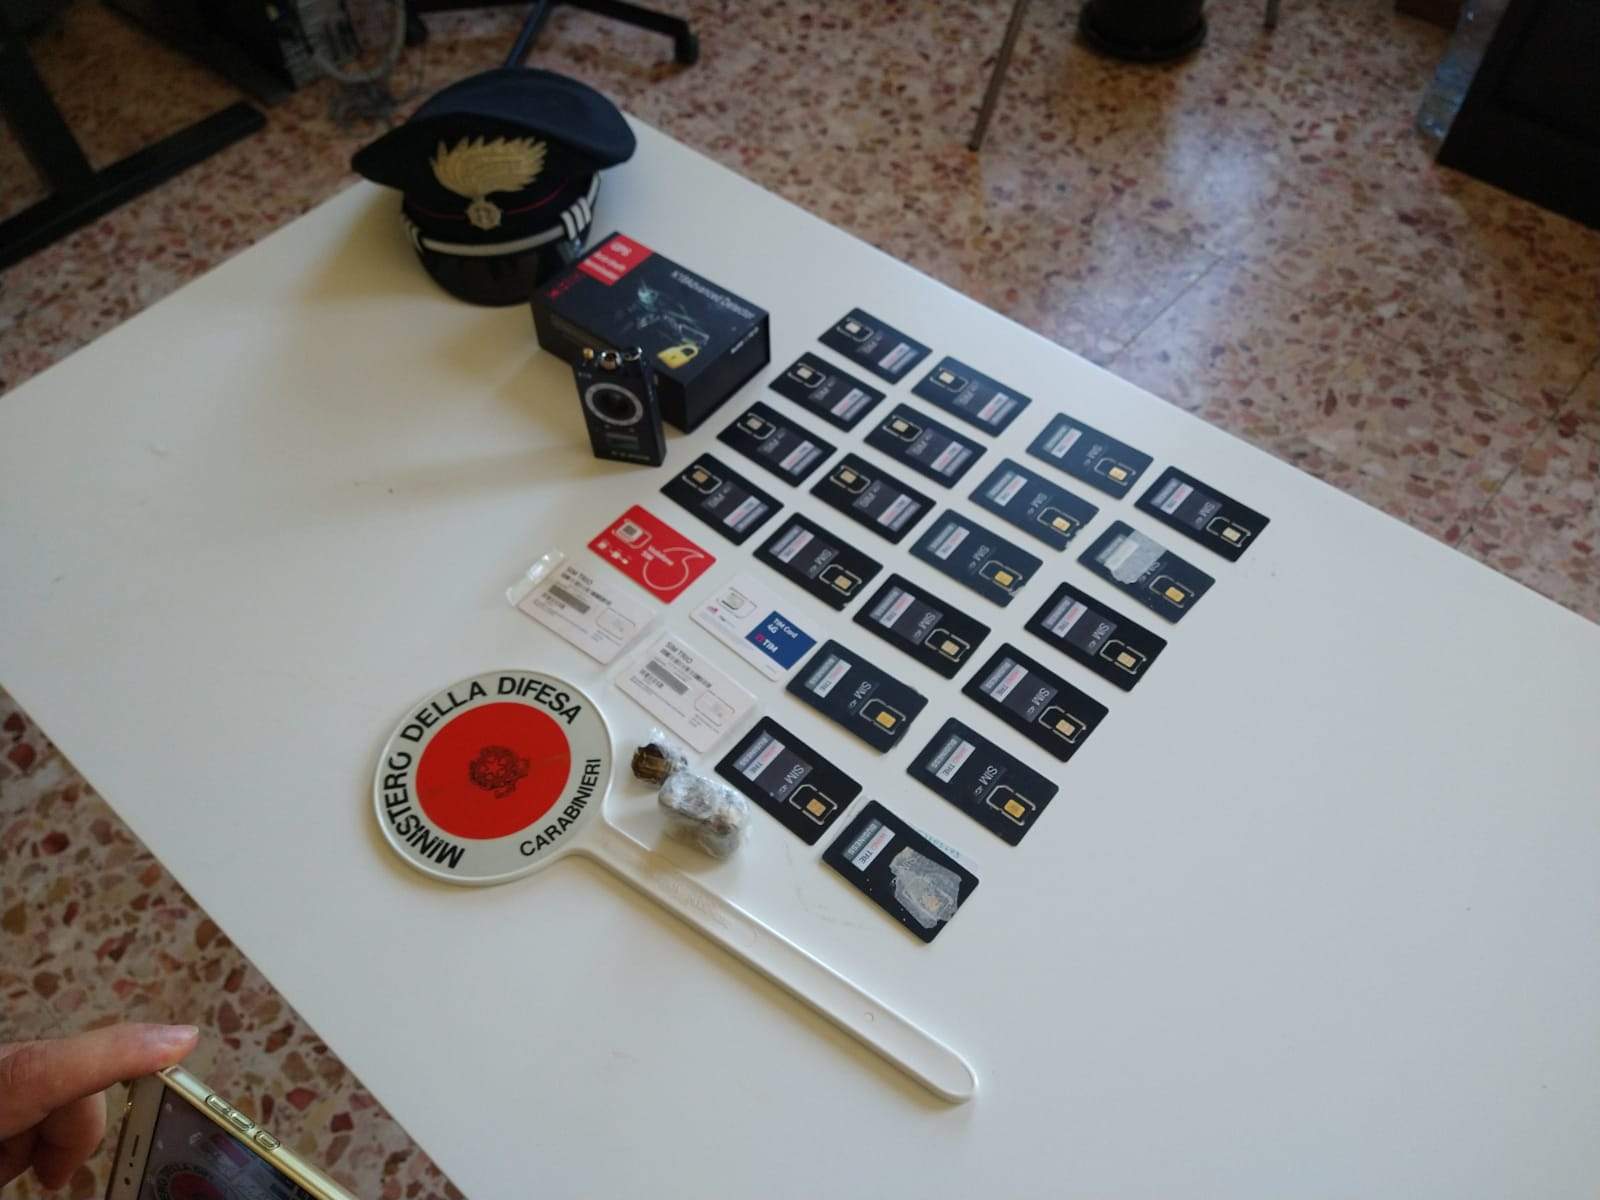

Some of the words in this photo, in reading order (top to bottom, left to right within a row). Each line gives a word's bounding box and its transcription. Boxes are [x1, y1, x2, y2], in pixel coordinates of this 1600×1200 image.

[765, 622, 779, 635] 4G
[772, 617, 785, 629] TIM
[782, 624, 799, 640] Card
[916, 611, 937, 630] SIM
[1090, 621, 1111, 640] SIM
[664, 640, 679, 654] SIM
[675, 649, 694, 665] TRIO
[761, 638, 779, 654] TIM
[852, 679, 873, 700] SIM
[1030, 686, 1051, 706] SIM
[400, 681, 487, 742] DELLA
[498, 677, 582, 724] DIFESA
[783, 762, 806, 784] SIM
[940, 761, 956, 777] TRE
[977, 763, 999, 786] SIM
[520, 758, 601, 857] CARABINIERI
[856, 848, 873, 866] TRE

### Exercise description
An exact transcription of the listing is required, and it must contain no pictures.

### Exercise output
Some of the words in this photo, in reading order (top to bottom, left to right within a row). Each line gives a word's bounding box and its transcription. Boxes are [x1, y1, x2, y2], in pixel coordinates of this 1600×1200 image.

[765, 622, 779, 635] 4G
[772, 617, 785, 629] TIM
[782, 624, 799, 640] Card
[916, 611, 937, 630] SIM
[1090, 621, 1111, 640] SIM
[664, 640, 679, 654] SIM
[675, 649, 694, 665] TRIO
[761, 638, 779, 654] TIM
[852, 679, 873, 700] SIM
[1030, 686, 1051, 706] SIM
[400, 681, 487, 742] DELLA
[498, 677, 582, 724] DIFESA
[783, 762, 806, 784] SIM
[940, 761, 956, 777] TRE
[977, 763, 999, 786] SIM
[520, 758, 601, 857] CARABINIERI
[856, 848, 873, 866] TRE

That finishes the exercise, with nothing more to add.